→ Exercise instructions:
Your task is to set down the line containing "this 1280×960 image." and every later line of the entries, word for word, including the last.

→ Material provided:
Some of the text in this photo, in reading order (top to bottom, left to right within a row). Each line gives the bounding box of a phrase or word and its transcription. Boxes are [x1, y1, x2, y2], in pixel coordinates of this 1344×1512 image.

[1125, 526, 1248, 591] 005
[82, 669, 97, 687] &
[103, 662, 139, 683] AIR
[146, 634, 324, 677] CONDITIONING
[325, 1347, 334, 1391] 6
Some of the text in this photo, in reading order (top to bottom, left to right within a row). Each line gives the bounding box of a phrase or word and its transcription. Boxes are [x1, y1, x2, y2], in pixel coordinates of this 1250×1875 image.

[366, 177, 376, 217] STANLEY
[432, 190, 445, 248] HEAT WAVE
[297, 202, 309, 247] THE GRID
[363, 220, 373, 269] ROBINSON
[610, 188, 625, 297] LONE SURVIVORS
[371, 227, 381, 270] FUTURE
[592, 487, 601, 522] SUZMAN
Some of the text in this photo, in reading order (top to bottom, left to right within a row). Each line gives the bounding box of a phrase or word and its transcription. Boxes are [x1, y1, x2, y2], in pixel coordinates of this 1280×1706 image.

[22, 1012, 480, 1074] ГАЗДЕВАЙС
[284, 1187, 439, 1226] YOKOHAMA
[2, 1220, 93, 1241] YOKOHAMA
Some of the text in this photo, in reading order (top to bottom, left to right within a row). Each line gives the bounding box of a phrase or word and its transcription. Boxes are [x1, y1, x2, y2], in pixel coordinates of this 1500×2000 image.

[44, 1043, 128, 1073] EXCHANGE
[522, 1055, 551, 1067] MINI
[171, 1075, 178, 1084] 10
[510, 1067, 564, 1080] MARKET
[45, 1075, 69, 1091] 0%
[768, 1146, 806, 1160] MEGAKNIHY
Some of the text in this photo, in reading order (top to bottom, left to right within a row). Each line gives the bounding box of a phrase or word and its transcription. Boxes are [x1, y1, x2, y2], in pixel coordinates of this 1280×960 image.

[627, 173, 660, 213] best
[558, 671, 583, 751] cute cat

→ Exercise solution:
Some of the text in this photo, in reading order (top to bottom, left to right within a row). Each line gives the bounding box of a phrase or word and its transcription. Boxes are [x1, y1, x2, y2], in pixel coordinates of this 1280×960 image.

[627, 173, 660, 213] best
[558, 671, 583, 751] cute cat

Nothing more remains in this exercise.